Per Prato, dice la Giunta comunale, significa rinunciare al completamento di un progetto già iniziato, quello del parco fluviale, chiamato riversibility, e di due che stanno per essere messi a bando: riqualificazione del Bastione delle forche e Palazzo Pacchiani.

“Le dichiarazioni di Biffoni – aggiunge La Vita – ci sembrano ancora più incredibili visto che l’emendamento M5S che ha istituito un fondo da un miliardo di euro a cui possono accedere per investimenti tutti gli 8.000 comuni d’Italia, sia stato votato anche dal PD, senatore Renzi compreso”.

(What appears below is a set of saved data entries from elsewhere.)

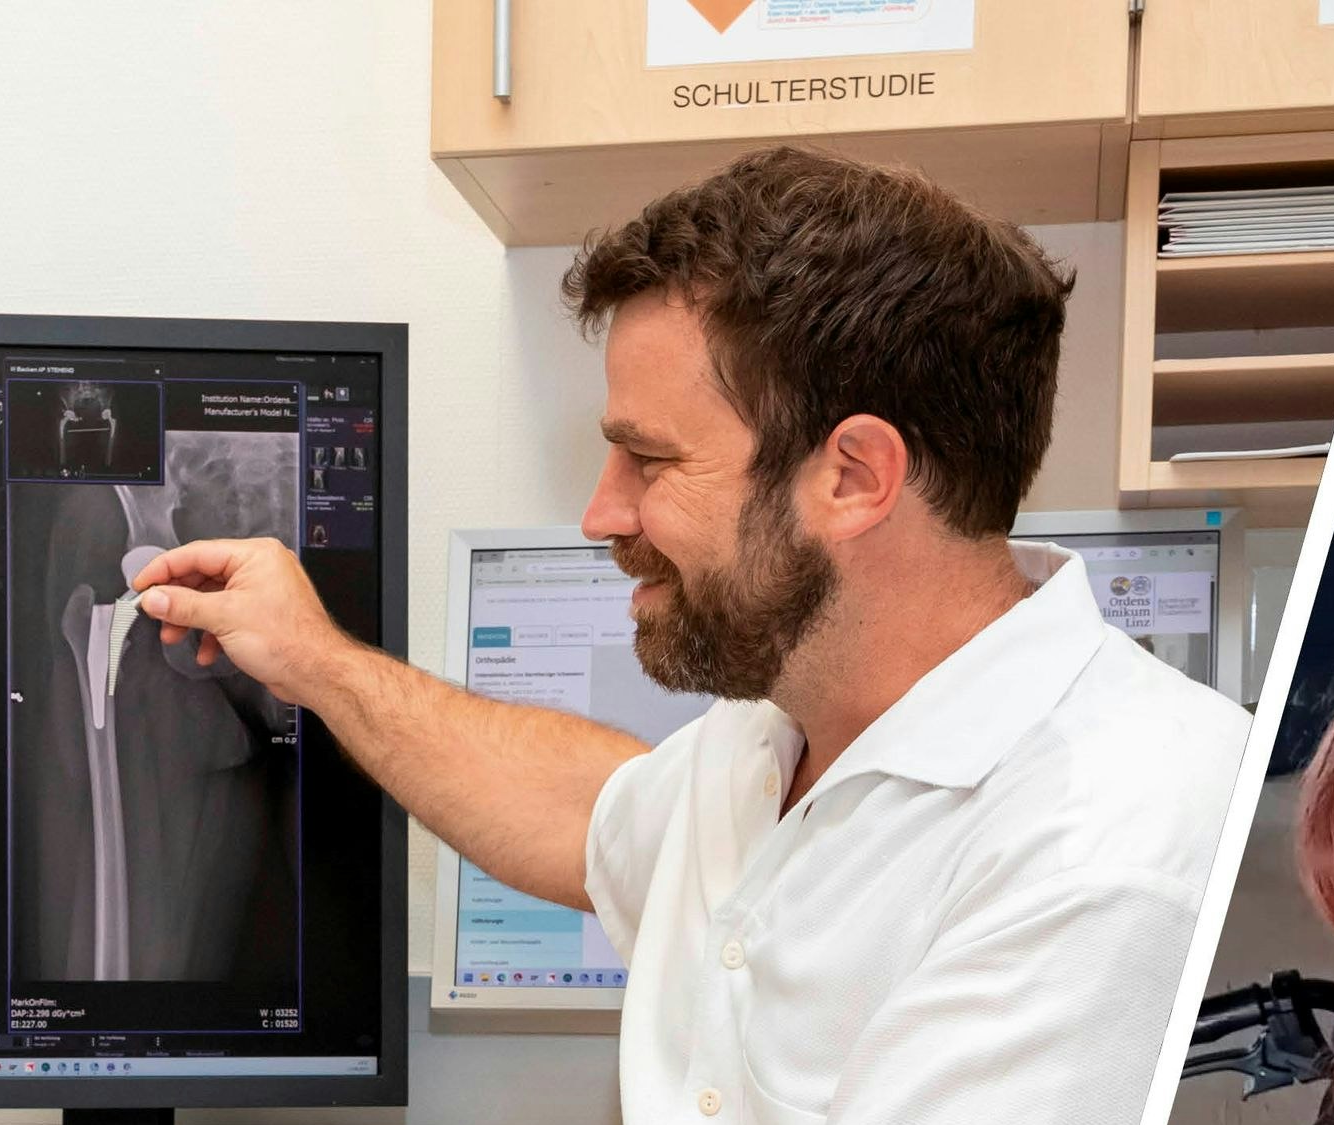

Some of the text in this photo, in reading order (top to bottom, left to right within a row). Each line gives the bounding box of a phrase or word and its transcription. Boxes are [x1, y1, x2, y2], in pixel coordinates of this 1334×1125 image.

[673, 72, 935, 108] SCHULTERSTUDIE
[201, 394, 239, 403] Institution
[204, 407, 259, 416] Manufacturer's
[260, 408, 282, 416] Model
[1109, 597, 1151, 607] Ordens
[1126, 618, 1151, 628] Linz
[259, 1008, 269, 1017] W
[262, 1019, 269, 1028] C

A questo proposito interviene l’assessore comunale al bilancio Monia Faltoni: “Penso che il Pd al Senato non abbia capito la portata di questo emendamento, perché ingannato dal fatto che si prevede il trasferimento di 140 milioni. Ma si tratta di soldi che verranno reperiti togliendoli dal bando periferie. Non sono soldi in più che vengono dati ai Comuni – sottolinea Faltoni – ma sono semplicemente spostati da un capitolo a un altro, non vanno ad aggiungersi, anzi, l’emendamento prevede proprio il taglio di quel miliardo e 600 milioni previsto dal bando periferie che ricordo ha coperture finanziarie certe perché 800 milioni provengono dal Cipe e gli altri 800 dalla legge di bilancio 2016”.

 

 

2 Commenti

  1. La consigliera la Vita ha una dialettica politica di altissimo livello: risponde ai problemi sollevati dal sindaco dicendo che la cosa gravissima e’ che forse al governo non ci sono più’ i suoi. Queste sono risposte che un adolescente che non frequenta ancora le medie superiori può’ dare, se le da un adulto che per giuntaha un ruolo, seppur piccolo, tuttavia istituzionale, verrebbe da gridare allo scandalo per le braccia rubate alla roccatrice o alla filanda. Per rispondere a tono bisognerebbe dire a questa signora, che chiamare consigliere comunale e’ quasi un oltraggio alle istituzioni, che il problema gravissimo , ma non per Biffoni, ma per gli italiani e ‘ che al governo non è’ che non ci siano più’ gli amici di Biffoni, ma che ci siano i suoi di amici

  2. Ma la consigliera La Vita non si è dimessa neanche dopo una condanna?
    E così le famose regole del MO VI MENTO sono andate a farsi benedire.